_Referring expression grounding data_:
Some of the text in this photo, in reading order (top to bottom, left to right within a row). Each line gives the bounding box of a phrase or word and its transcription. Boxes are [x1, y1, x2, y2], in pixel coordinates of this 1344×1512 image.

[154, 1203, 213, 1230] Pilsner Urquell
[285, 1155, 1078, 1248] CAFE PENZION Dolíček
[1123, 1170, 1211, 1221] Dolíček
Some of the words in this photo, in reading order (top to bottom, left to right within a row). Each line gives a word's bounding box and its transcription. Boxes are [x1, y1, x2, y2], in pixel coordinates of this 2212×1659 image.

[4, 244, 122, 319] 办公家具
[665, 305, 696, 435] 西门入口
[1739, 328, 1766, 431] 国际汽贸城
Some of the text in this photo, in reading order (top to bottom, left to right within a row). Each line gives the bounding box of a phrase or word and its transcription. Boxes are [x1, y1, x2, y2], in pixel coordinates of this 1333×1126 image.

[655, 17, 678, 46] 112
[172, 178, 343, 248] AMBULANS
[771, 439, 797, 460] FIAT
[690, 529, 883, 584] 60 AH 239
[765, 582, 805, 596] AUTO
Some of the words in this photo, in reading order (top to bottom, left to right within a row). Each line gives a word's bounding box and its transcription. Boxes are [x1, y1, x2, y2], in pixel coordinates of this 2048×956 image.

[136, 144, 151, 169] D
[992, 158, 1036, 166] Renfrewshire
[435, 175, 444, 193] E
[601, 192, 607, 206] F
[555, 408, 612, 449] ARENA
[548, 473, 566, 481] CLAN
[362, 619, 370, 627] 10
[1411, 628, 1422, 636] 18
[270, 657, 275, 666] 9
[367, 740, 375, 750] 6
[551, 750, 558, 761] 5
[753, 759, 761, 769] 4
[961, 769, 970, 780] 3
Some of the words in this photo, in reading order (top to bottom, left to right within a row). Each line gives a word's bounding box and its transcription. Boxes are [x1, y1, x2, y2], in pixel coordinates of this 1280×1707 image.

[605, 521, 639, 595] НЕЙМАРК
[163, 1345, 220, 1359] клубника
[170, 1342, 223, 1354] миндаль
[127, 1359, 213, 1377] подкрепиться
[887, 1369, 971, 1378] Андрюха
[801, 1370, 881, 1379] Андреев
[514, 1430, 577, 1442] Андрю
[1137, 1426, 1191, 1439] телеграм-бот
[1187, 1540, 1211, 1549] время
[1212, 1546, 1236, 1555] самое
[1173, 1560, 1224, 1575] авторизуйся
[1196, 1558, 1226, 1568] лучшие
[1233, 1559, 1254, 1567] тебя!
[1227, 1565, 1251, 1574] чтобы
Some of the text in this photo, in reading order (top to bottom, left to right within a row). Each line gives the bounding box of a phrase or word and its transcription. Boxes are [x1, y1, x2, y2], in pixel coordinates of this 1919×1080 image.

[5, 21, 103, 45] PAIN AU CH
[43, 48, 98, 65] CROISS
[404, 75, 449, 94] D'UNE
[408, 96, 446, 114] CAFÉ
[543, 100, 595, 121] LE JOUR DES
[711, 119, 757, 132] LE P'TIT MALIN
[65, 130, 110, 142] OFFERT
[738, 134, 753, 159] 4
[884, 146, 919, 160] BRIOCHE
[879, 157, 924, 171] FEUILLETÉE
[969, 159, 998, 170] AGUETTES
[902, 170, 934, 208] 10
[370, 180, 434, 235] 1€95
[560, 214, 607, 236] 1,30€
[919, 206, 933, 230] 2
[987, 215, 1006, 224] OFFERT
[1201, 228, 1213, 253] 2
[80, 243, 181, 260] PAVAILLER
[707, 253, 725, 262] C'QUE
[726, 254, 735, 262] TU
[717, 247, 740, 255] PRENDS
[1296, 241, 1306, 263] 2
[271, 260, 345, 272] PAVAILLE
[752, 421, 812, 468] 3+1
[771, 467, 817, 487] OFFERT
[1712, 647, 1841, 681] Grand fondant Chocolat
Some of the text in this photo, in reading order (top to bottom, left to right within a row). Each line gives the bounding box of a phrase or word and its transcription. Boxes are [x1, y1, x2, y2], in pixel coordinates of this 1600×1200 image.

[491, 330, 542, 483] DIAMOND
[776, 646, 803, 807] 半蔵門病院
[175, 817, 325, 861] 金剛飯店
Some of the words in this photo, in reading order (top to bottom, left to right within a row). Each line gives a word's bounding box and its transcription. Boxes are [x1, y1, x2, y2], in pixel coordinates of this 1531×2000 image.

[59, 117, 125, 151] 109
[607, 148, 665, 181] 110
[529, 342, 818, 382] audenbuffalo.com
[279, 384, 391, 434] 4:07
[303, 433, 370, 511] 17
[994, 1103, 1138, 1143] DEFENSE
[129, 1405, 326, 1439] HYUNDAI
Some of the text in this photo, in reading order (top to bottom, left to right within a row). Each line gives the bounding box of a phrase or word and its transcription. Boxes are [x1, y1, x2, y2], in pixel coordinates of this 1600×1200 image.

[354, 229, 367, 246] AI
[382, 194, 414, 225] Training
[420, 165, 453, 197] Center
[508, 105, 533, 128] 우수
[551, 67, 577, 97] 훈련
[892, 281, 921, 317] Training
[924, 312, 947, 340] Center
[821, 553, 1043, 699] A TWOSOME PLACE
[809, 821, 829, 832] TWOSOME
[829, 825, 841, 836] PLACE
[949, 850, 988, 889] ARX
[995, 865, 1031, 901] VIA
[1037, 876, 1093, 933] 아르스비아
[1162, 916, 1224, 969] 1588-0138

_PROBLEM STATEMENT_: Each entry above needs to be duplicated verbatim.

_ANSWER TO THIS PROBLEM_:
Some of the text in this photo, in reading order (top to bottom, left to right within a row). Each line gives the bounding box of a phrase or word and its transcription. Boxes are [x1, y1, x2, y2], in pixel coordinates of this 1344×1512 image.

[154, 1203, 213, 1230] Pilsner Urquell
[285, 1155, 1078, 1248] CAFE PENZION Dolíček
[1123, 1170, 1211, 1221] Dolíček
Some of the words in this photo, in reading order (top to bottom, left to right within a row). Each line gives a word's bounding box and its transcription. Boxes are [x1, y1, x2, y2], in pixel coordinates of this 2212×1659 image.

[4, 244, 122, 319] 办公家具
[665, 305, 696, 435] 西门入口
[1739, 328, 1766, 431] 国际汽贸城
Some of the text in this photo, in reading order (top to bottom, left to right within a row). Each line gives the bounding box of a phrase or word and its transcription. Boxes are [x1, y1, x2, y2], in pixel coordinates of this 1333×1126 image.

[655, 17, 678, 46] 112
[172, 178, 343, 248] AMBULANS
[771, 439, 797, 460] FIAT
[690, 529, 883, 584] 60 AH 239
[765, 582, 805, 596] AUTO
Some of the words in this photo, in reading order (top to bottom, left to right within a row). Each line gives a word's bounding box and its transcription. Boxes are [x1, y1, x2, y2], in pixel coordinates of this 2048×956 image.

[136, 144, 151, 169] D
[992, 158, 1036, 166] Renfrewshire
[435, 175, 444, 193] E
[601, 192, 607, 206] F
[555, 408, 612, 449] ARENA
[548, 473, 566, 481] CLAN
[362, 619, 370, 627] 10
[1411, 628, 1422, 636] 18
[270, 657, 275, 666] 9
[367, 740, 375, 750] 6
[551, 750, 558, 761] 5
[753, 759, 761, 769] 4
[961, 769, 970, 780] 3
Some of the words in this photo, in reading order (top to bottom, left to right within a row). Each line gives a word's bounding box and its transcription. Boxes are [x1, y1, x2, y2], in pixel coordinates of this 1280×1707 image.

[605, 521, 639, 595] НЕЙМАРК
[163, 1345, 220, 1359] клубника
[170, 1342, 223, 1354] миндаль
[127, 1359, 213, 1377] подкрепиться
[887, 1369, 971, 1378] Андрюха
[801, 1370, 881, 1379] Андреев
[514, 1430, 577, 1442] Андрю
[1137, 1426, 1191, 1439] телеграм-бот
[1187, 1540, 1211, 1549] время
[1212, 1546, 1236, 1555] самое
[1173, 1560, 1224, 1575] авторизуйся
[1196, 1558, 1226, 1568] лучшие
[1233, 1559, 1254, 1567] тебя!
[1227, 1565, 1251, 1574] чтобы
Some of the text in this photo, in reading order (top to bottom, left to right within a row). Each line gives the bounding box of a phrase or word and its transcription. Boxes are [x1, y1, x2, y2], in pixel coordinates of this 1919×1080 image.

[5, 21, 103, 45] PAIN AU CH
[43, 48, 98, 65] CROISS
[404, 75, 449, 94] D'UNE
[408, 96, 446, 114] CAFÉ
[543, 100, 595, 121] LE JOUR DES
[711, 119, 757, 132] LE P'TIT MALIN
[65, 130, 110, 142] OFFERT
[738, 134, 753, 159] 4
[884, 146, 919, 160] BRIOCHE
[879, 157, 924, 171] FEUILLETÉE
[969, 159, 998, 170] AGUETTES
[902, 170, 934, 208] 10
[370, 180, 434, 235] 1€95
[560, 214, 607, 236] 1,30€
[919, 206, 933, 230] 2
[987, 215, 1006, 224] OFFERT
[1201, 228, 1213, 253] 2
[80, 243, 181, 260] PAVAILLER
[707, 253, 725, 262] C'QUE
[726, 254, 735, 262] TU
[717, 247, 740, 255] PRENDS
[1296, 241, 1306, 263] 2
[271, 260, 345, 272] PAVAILLE
[752, 421, 812, 468] 3+1
[771, 467, 817, 487] OFFERT
[1712, 647, 1841, 681] Grand fondant Chocolat
Some of the text in this photo, in reading order (top to bottom, left to right within a row). Each line gives the bounding box of a phrase or word and its transcription. Boxes are [x1, y1, x2, y2], in pixel coordinates of this 1600×1200 image.

[491, 330, 542, 483] DIAMOND
[776, 646, 803, 807] 半蔵門病院
[175, 817, 325, 861] 金剛飯店
Some of the words in this photo, in reading order (top to bottom, left to right within a row). Each line gives a word's bounding box and its transcription. Boxes are [x1, y1, x2, y2], in pixel coordinates of this 1531×2000 image.

[59, 117, 125, 151] 109
[607, 148, 665, 181] 110
[529, 342, 818, 382] audenbuffalo.com
[279, 384, 391, 434] 4:07
[303, 433, 370, 511] 17
[994, 1103, 1138, 1143] DEFENSE
[129, 1405, 326, 1439] HYUNDAI
Some of the text in this photo, in reading order (top to bottom, left to right within a row). Each line gives the bounding box of a phrase or word and its transcription. Boxes are [x1, y1, x2, y2], in pixel coordinates of this 1600×1200 image.

[354, 229, 367, 246] AI
[382, 194, 414, 225] Training
[420, 165, 453, 197] Center
[508, 105, 533, 128] 우수
[551, 67, 577, 97] 훈련
[892, 281, 921, 317] Training
[924, 312, 947, 340] Center
[821, 553, 1043, 699] A TWOSOME PLACE
[809, 821, 829, 832] TWOSOME
[829, 825, 841, 836] PLACE
[949, 850, 988, 889] ARX
[995, 865, 1031, 901] VIA
[1037, 876, 1093, 933] 아르스비아
[1162, 916, 1224, 969] 1588-0138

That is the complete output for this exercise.